What insights from behavioral economics could be used to design better AI for workers?

One of the most useful things augmentation can do is it can help us with the things that we’re not as good at, to leave room for the things we are excellent at. Behavioral economics has helped identify those blind spots.

Take something like a résumé screening. We’re very bad at reading through things really fast. It’d be really interesting if, after I did the résumé screen, there was a product that said, “Hey, here’s 10 résumés that are the kind you usually don’t pick. But when you do pick them it looks like you actually hire the person, or they do well in the interview. Why don’t you give these more time?”

Your work shows that scarcity—scarce time, scarce money—basically steals mental capacity. How could AI help us deal with scarcity issues at work?

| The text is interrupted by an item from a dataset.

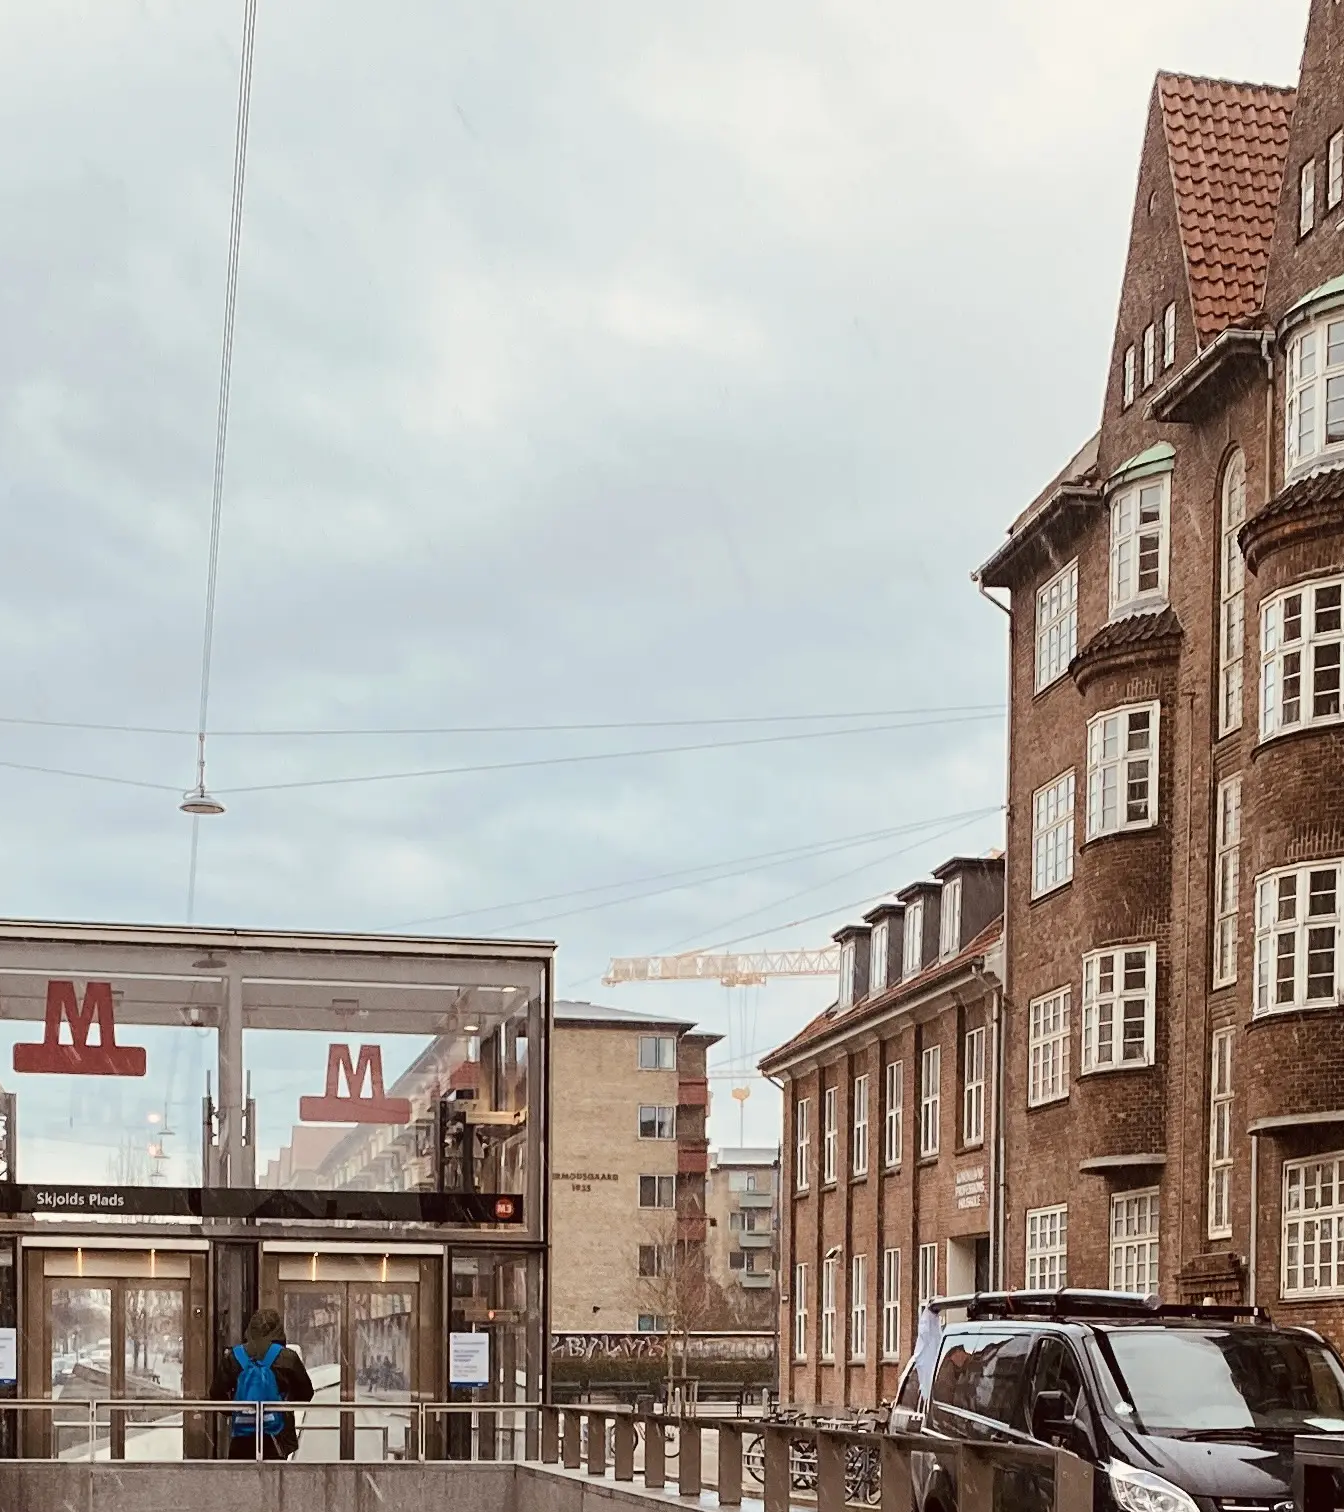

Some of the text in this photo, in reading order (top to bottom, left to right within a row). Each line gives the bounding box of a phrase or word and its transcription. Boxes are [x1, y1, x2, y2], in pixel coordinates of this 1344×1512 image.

A product I think would fundamentally transform the nature of work is one that helps me really just make better decisions about what I take on and don’t take on. It seems a bit mundane, you already have Google Calendar, you have automatic schedulers. But while those things all solve the logistics of scheduling, they’re not solving the core time-management problem which we all have, which is not about, can this meeting fit in here. The core problem is we’re not managing bandwidth very well. We’re not thinking about, “Oh, man, if I take all these meetings, I’m going to be overwhelmed.”

Notice this has two elements we’ve mentioned. The algorithm has access to a wealth of understanding about your calendar, your past meetings, about known psychological biases. You have a wealth of understanding of what you’re trying to accomplish, what has worked for you, what does not work for you, what has made you nervous. If we could combine these two things, I think we’d have a totally different way to approach time management.